In the following description, the longitudinal axis of an image bearing member such as an electrophotographic photosensitive drum (hereinafter, referred to as a “photosensitive drum”) and the longitudinal axis of a process cartridge perpendicularly intersect an axis in the direction that conveys a recoding medium. [Description of Process Cartridge and Electrophotographic Image-Forming Apparatus Body]

FIG. 1 is a perspective view of a process cartridge according to the present invention, FIG. 2 is a main sectional view of the process cartridge according to the present invention, and FIG. 3 is a main sectional view of an electrophotographic image-forming apparatus (hereinafter, referred to as an “image-forming apparatus”) according to the present invention. One example of the process cartridge of the present invention shown in those drawings is equipped with an image bearing member and process means acting on the image bearing member. Examples of the process means are charging means for charging the surface of the image bearing member, a developing device for forming toner images on the image bearing member, and cleaning means for eliminating toner that remains on the surface of the image bearing member.

As shown in FIG. 2, a process cartridge B is composed of: a photosensitive drum 7; a cleaning unit C composed of a charging roller 8 as charging means and a cleaning blade 10 a as cleaning means arranged in the surroundings of the photosensitive drum 7, and a cleaning frame member 13 accommodating them therein; and a developing unit D including a developing device composed of a developing roller 9 c and a developing blade 9 d, a developing frame member 12 accommodating the developing device therein, and a developer-accommodating frame member (hereinafter, referred to as a “toner frame member”) 11 accommodating toner therein.

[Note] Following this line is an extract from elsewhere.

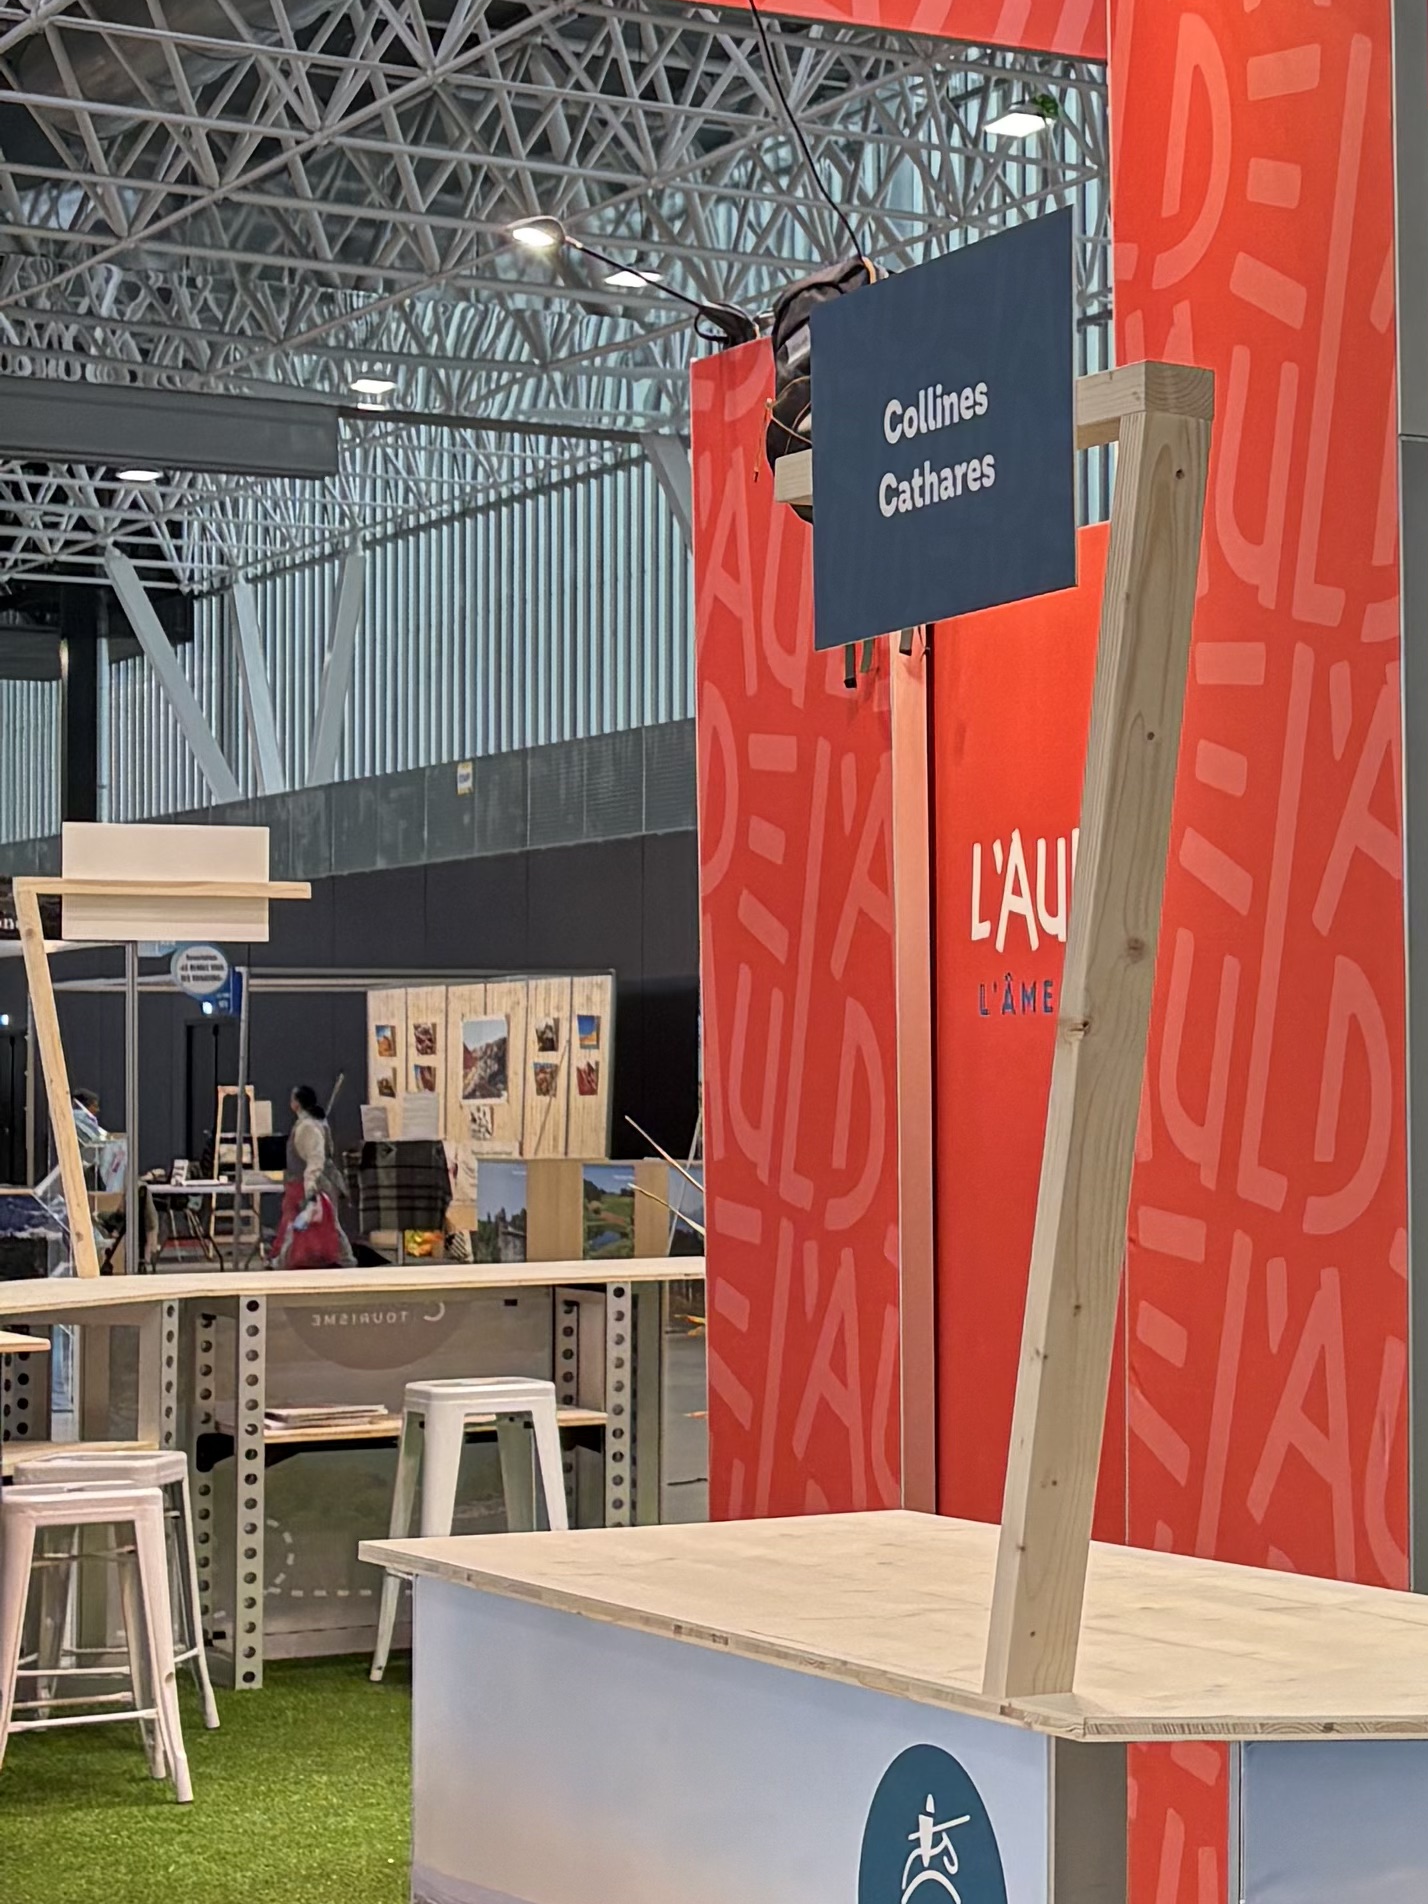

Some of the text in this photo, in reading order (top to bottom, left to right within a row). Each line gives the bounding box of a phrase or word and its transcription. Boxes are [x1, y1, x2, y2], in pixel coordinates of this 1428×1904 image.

The process cartridge B further includes side covers 90 and 91 covering a drive gear line (not shown) and so on, on the side surfaces of both or either of the developing frame member 12 and(or) the toner frame member 11 (see FIG. 1).

This process cartridge B is mounted on an image-forming apparatus body A as shown in FIG. 3 and used for forming images. A recording medium 2 is sent out of a paper feed cassette 3 a arranged in the lower part of the image-forming apparatus by a pickup roller 3 b and conveyed by a transport roller 3 c. The recording medium 2 is subsequently allowed to stand by in a registration roller 3 e. In synchronization with the movement of this recording medium, the photosensitive drum 7 is selectively exposed to light from an aligner to form a latent image. Toner accommodated in the toner frame member 11 is then thin-layered and supported in the surface of a developing roller 9 c by means of a developing blade 9 d. A developing bias is applied to the developing roller 9 c, thereby supplying the toner into the photosensitive drum 7 according to the latent image to form a toner image. In synchronism with the timing when the toner image is formed on the photosensitive drum 7, the recording medium s sent out of the registration roller 3 e to an opposite portion where a transfer roller 4 and the photosensitive drum 7 are placed opposite. A bias voltage is applied to the transfer roller 4, thereby transferring the toner image on the photosensitive drum 7 onto the recording medium 2 that has been conveyed. Following the transfer, the residual toner on the photosensitive drum 7 is eliminated by the cleaning means 10. Specifically, while the residual toner on the photosensitive drum 7 is scraped off by the cleaning blade 10 a, the toner that has been scraped off is scooped by a scooping sheet (not shown) and collected into a waste toner reservoir 10 b. The recording medium 2 onto which the toner image was transferred is conveyed to a fixing device 5 to fix the image. The recording medium 2 is then ejected to a delivery tray 6 in the upper portion of the image-forming apparatus by delivery rollers 3 g, 3 h, and 3 i.

[Power Transmission Mechanism of Photosensitive Drum]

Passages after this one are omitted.